0
febrero 17, 2014 Publicado por Edgar Jara en la sección Editoriales

Se juega inclusive su prestigio

Nunca se ha visto en nuestro país un Presidente entregado a su tarea de promocionar a su partido y a sus candidatos en lugar de gobernar. Y, al parecer, ni siquiera su gran empuje, su influencia en el electorado “cautivo” van a hacer posible un triunfo en las principales ciudades ecuatorianas de la camiseta verde limón.

El Rafa abandona las formas y la majestad del poder por plegar en la lucha por los suyos. Y eso que tienen la ventaja de ser promocionados en las incontables cadenas de televisión que al parecer no puede detectar el CNE (entre nos lo saben todo pero fingen ignorarlo para no enojar al patrón).
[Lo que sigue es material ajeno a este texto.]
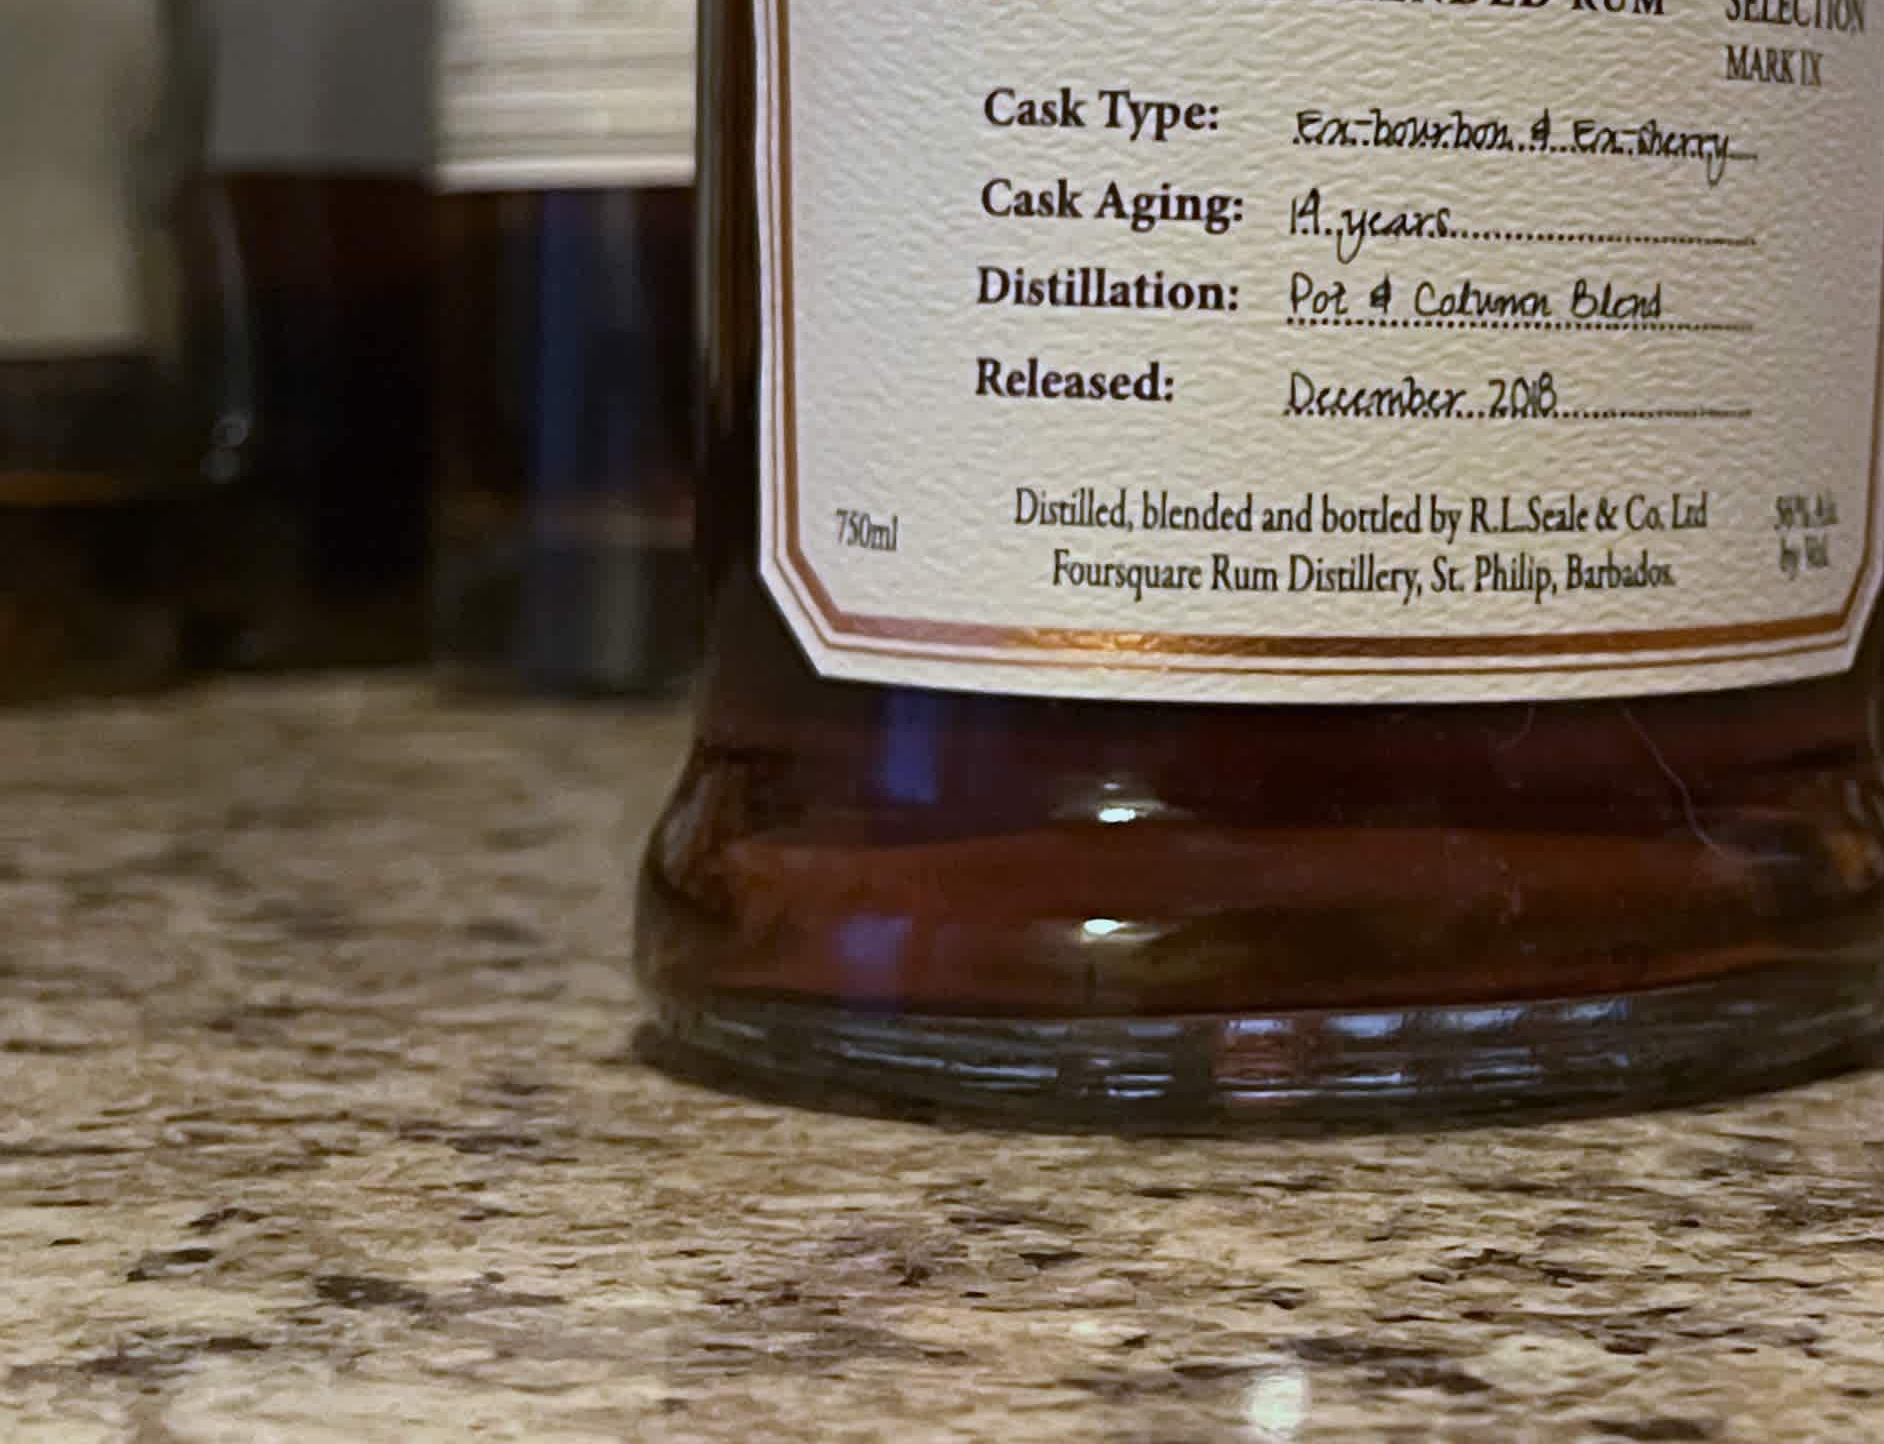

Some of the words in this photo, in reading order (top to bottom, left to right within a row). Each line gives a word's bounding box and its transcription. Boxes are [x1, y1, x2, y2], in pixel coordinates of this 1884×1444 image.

La desventurada y lamentable escena de un Presidente convencido de su irresistible poder de convocatoria no hace sino corroborar que el país está desgobernado, porque a unrevolucionario de esta ralea no le interesa tanto estar en los deberes de Mandatario sino en la emoción de una tarima, sumando desesperadamente votos para conservar la Alcaldía de Quito y conquistar la de Guayaquil. Para evitar que el prefecto del Guayas caiga derrotado por ante las denuncias contundentes de su adversario César Monge, un postulante con personalidad al que deberían detenerse a escuchar aquellos buenos ciudadanos que al parecer tienen cerebro programado para disfrutar de las sabatinas donde el “yo soy el mejor” es la cantinela sempiterna. Ciudadanos que no se indignan cuando un noticiero o un programa regular de la televisión es interrumpido para dar paso a una imprevista cadena, donde cualquier motivo sirve para convencernos que en esta ínsula nunca hubo semejante gobernante ni lo habrá (rezamos porque así sea).

Ahora, este personaje de primeras planas ha vuelto a besar niños y viejitos, todos ingenuos y convencidos de este ciclo fantástico de cariño presidencial. Ellos olvidan que esos afectos son más vívidos y notables en vísperas de alguna elección. La actual, en la que se busca nuevas dignidades seccionales, al parecer no las tiene todas consigo, porque pensó que poniendo un par de candidatos sin talla, mediocres y aplanados por la necesidad de que ingrese en la lid el presidente, pues solos la derrota sería catastrófica.

Ni Augusto Barrera (que quiere ser reelegido Alcalde de Quito), ni Viviana Bonilla (que pretende desplazar a Jaime Nebot) tienen la fuerza suficiente para lograr su meta por su trabajo, su talento, su carisma o sus luces. Ambos requieren la inyección de la “sombra”. Y la sombra no es sino el que dispone de todo el aparato estatal para hacer lo que le dé la real gana y tiene luz verde para abandonar el palacio para luchar por los suyos, jugándose inclusive su “prestigio”.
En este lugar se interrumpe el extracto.